What you will do: Repeat every entry exactly. Pictures stay out.

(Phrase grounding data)

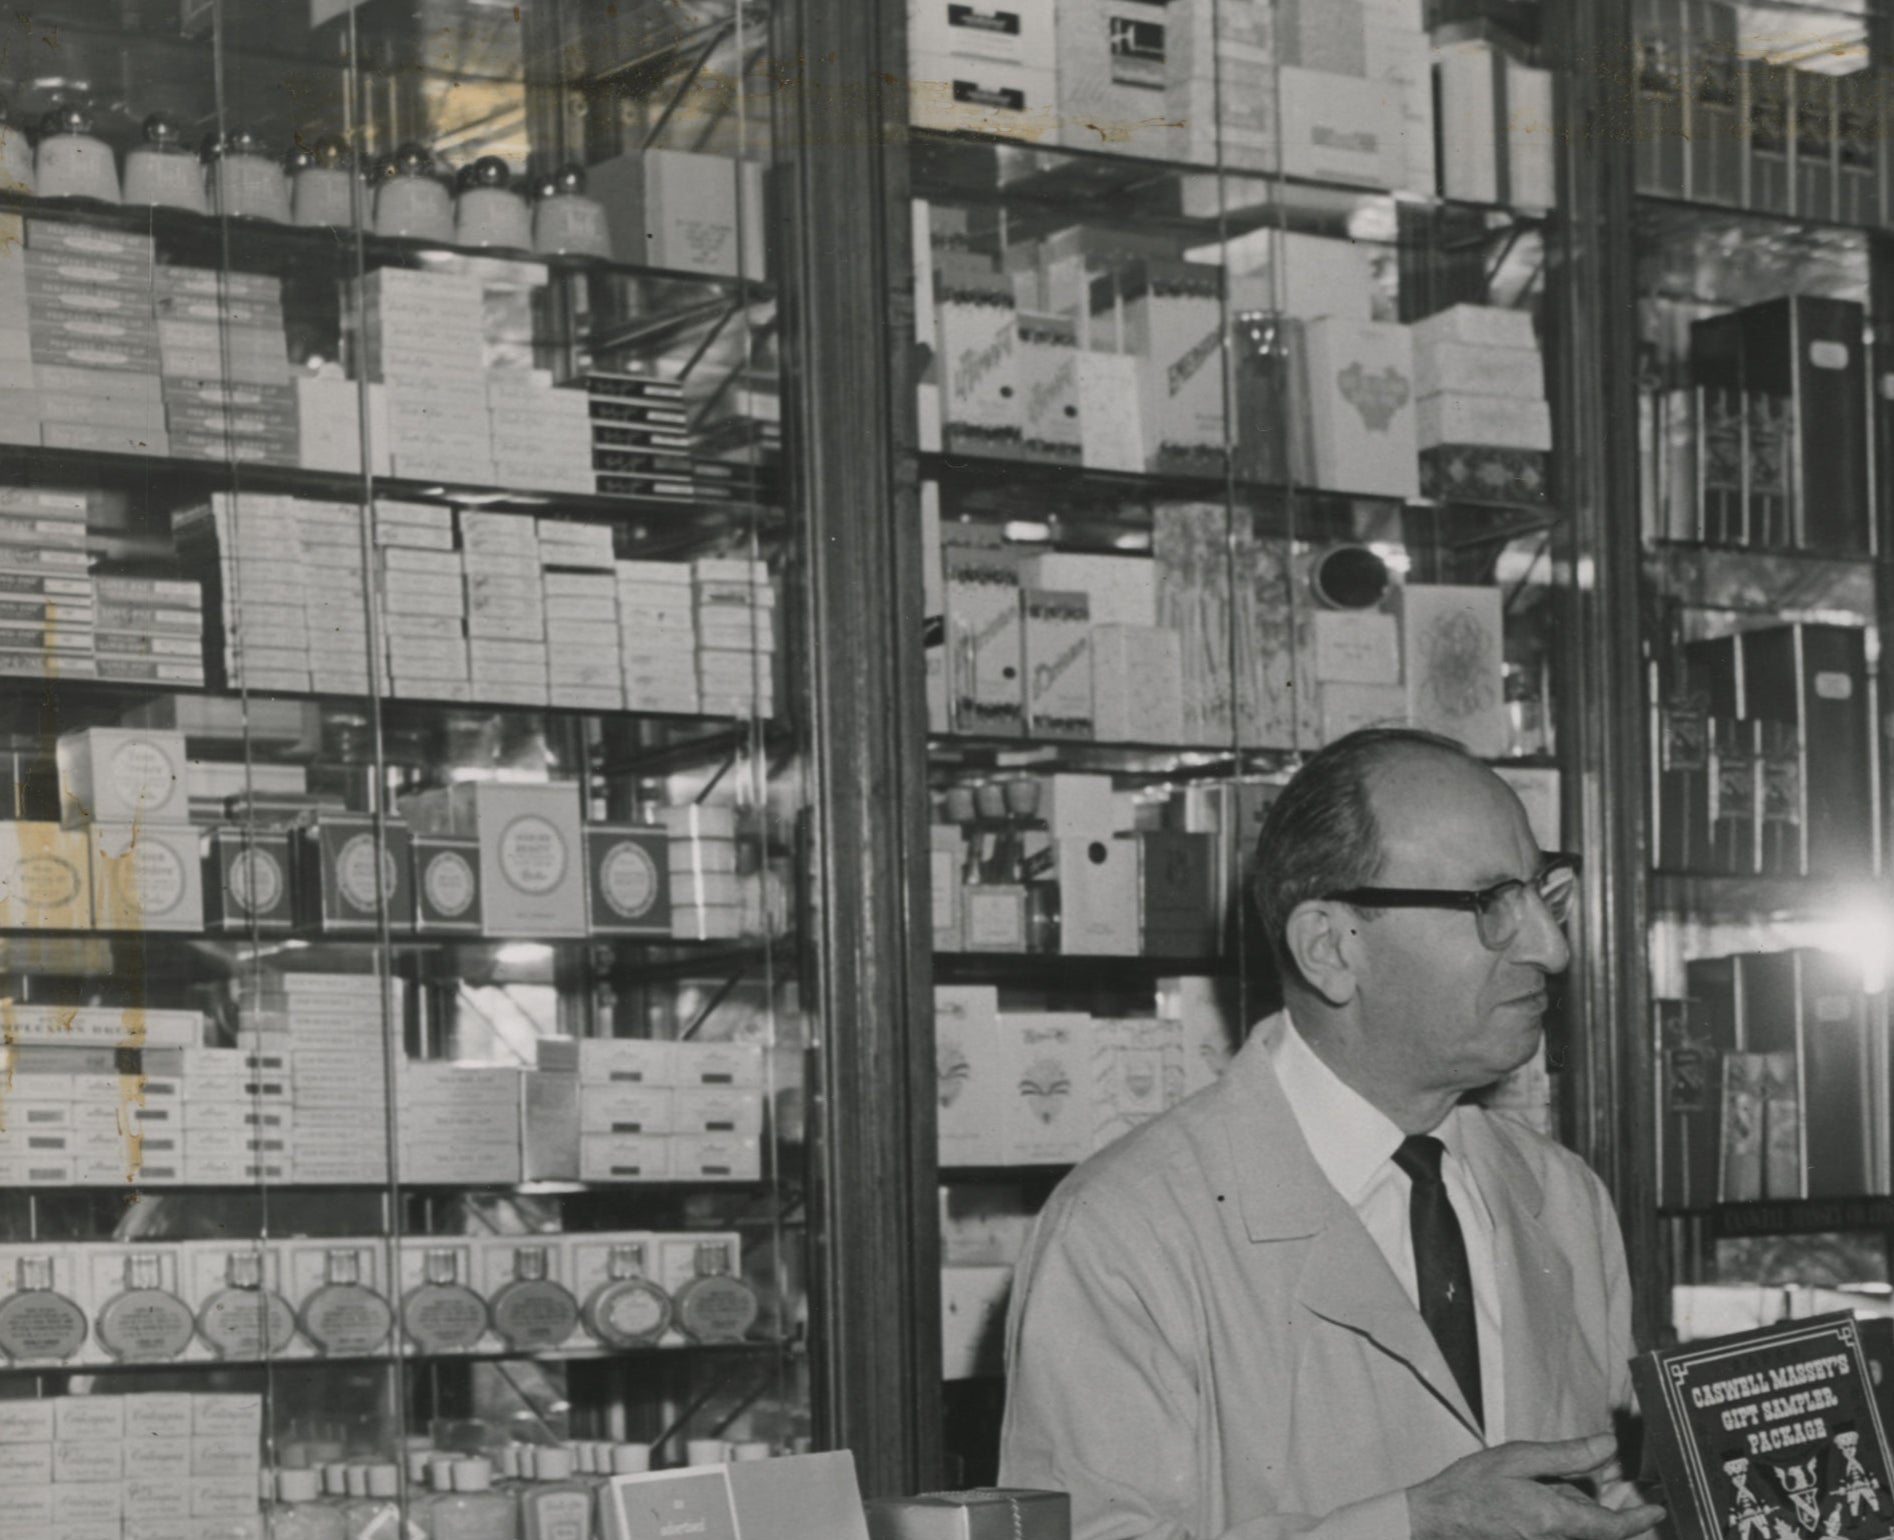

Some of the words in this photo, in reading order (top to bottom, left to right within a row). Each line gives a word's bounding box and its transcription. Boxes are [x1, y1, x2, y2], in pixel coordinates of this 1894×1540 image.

[1691, 1372, 1770, 1409] CASWELL
[1769, 1353, 1850, 1390] MASSEY'S
[1721, 1404, 1759, 1431] GIFT
[1761, 1386, 1839, 1422] SAMPLER
[1747, 1417, 1828, 1455] PACKAGE

Answer:
Some of the words in this photo, in reading order (top to bottom, left to right within a row). Each line gives a word's bounding box and its transcription. Boxes are [x1, y1, x2, y2], in pixel coordinates of this 1894×1540 image.

[1691, 1372, 1770, 1409] CASWELL
[1769, 1353, 1850, 1390] MASSEY'S
[1721, 1404, 1759, 1431] GIFT
[1761, 1386, 1839, 1422] SAMPLER
[1747, 1417, 1828, 1455] PACKAGE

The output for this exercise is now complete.